Source data>
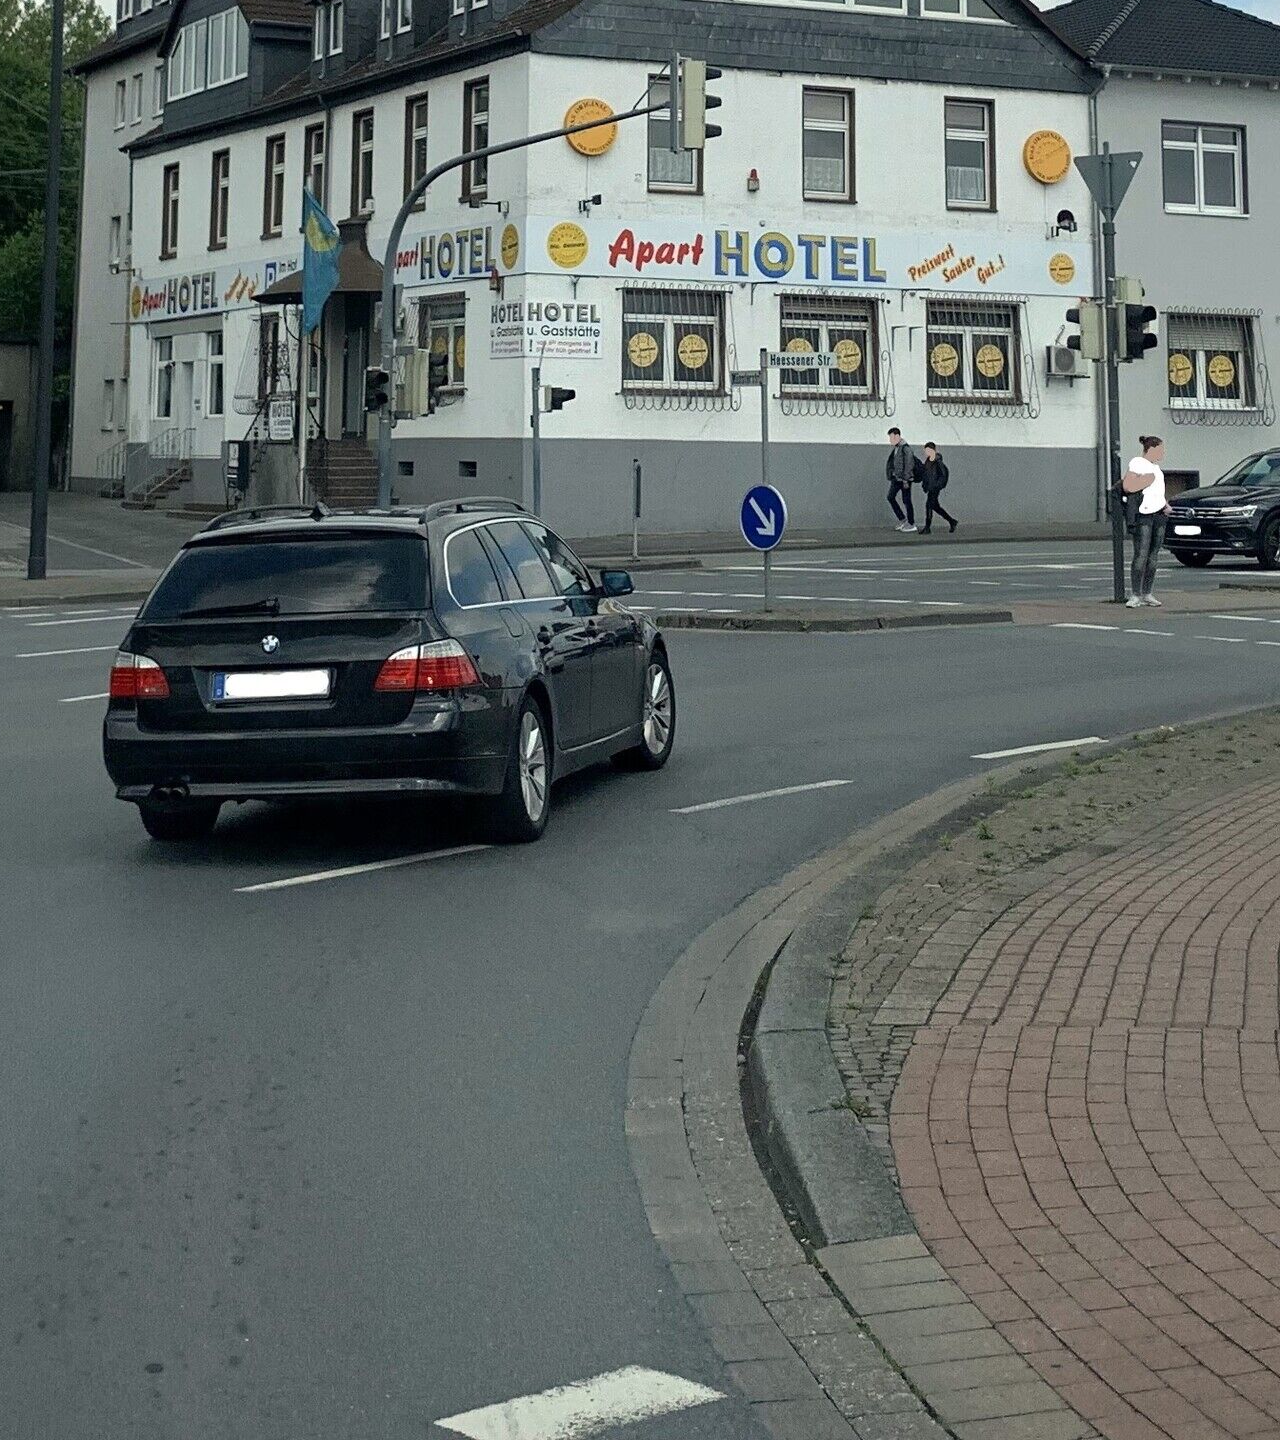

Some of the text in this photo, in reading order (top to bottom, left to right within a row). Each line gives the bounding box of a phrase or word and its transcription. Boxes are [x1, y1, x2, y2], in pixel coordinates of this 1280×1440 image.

[395, 226, 497, 280] part HOTEL
[608, 228, 887, 283] Apart HOTEL
[907, 243, 955, 283] Preiswert
[941, 255, 976, 283] Sauber
[167, 271, 218, 315] HOTEL
[491, 302, 524, 324] HOTEL
[528, 302, 601, 324] HOTEL
[541, 324, 601, 338] Gaststätte
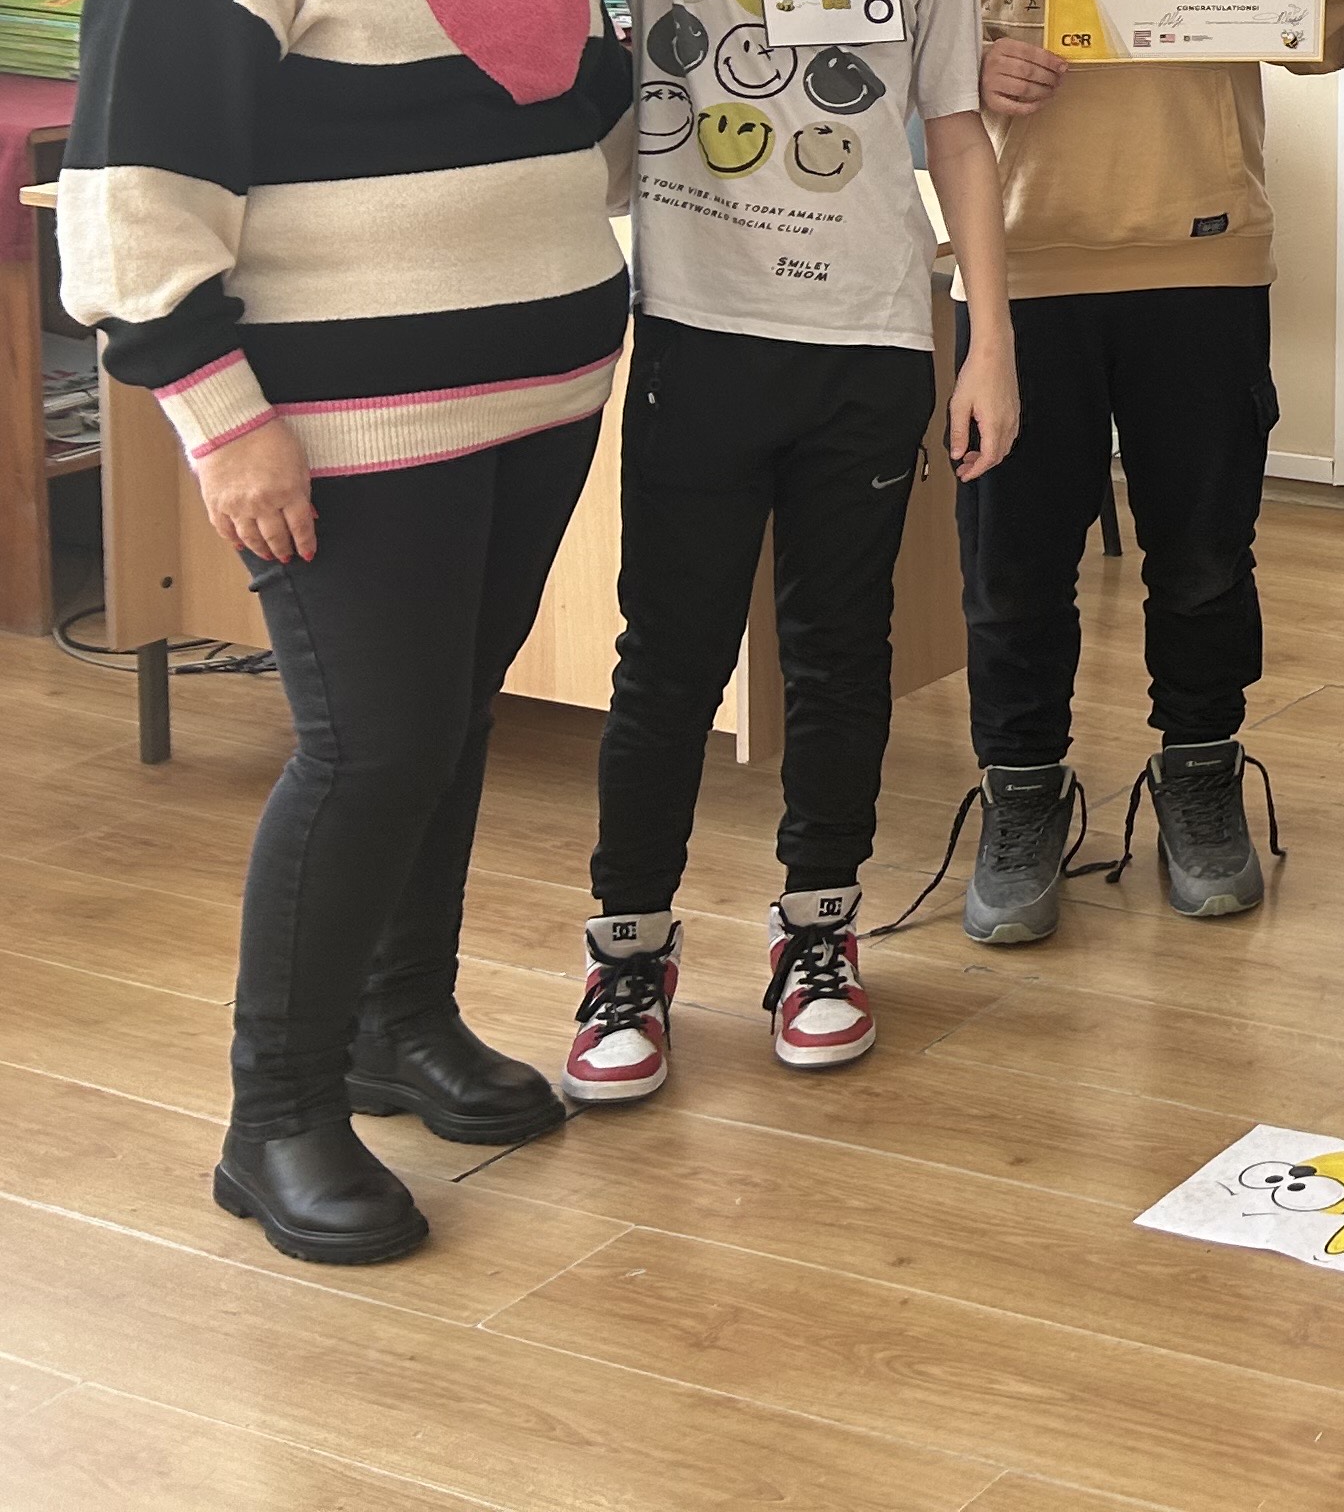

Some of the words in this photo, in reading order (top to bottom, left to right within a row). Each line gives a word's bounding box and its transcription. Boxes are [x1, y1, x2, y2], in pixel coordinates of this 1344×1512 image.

Problem description> What is needed here is an exact copy of every record, with the pictures left out.

Result of the task>
Some of the text in this photo, in reading order (top to bottom, left to right within a row). Each line gives the bounding box of a phrase or word and its transcription. Boxes are [x1, y1, x2, y2], in pixel coordinates of this 1280×1440 image.

[395, 226, 497, 280] part HOTEL
[608, 228, 887, 283] Apart HOTEL
[907, 243, 955, 283] Preiswert
[941, 255, 976, 283] Sauber
[167, 271, 218, 315] HOTEL
[491, 302, 524, 324] HOTEL
[528, 302, 601, 324] HOTEL
[541, 324, 601, 338] Gaststätte

Some of the words in this photo, in reading order (top to bottom, left to right within a row). Each line gives a word's bounding box and its transcription. Boxes are [x1, y1, x2, y2], in pixel coordinates of this 1344×1512 image.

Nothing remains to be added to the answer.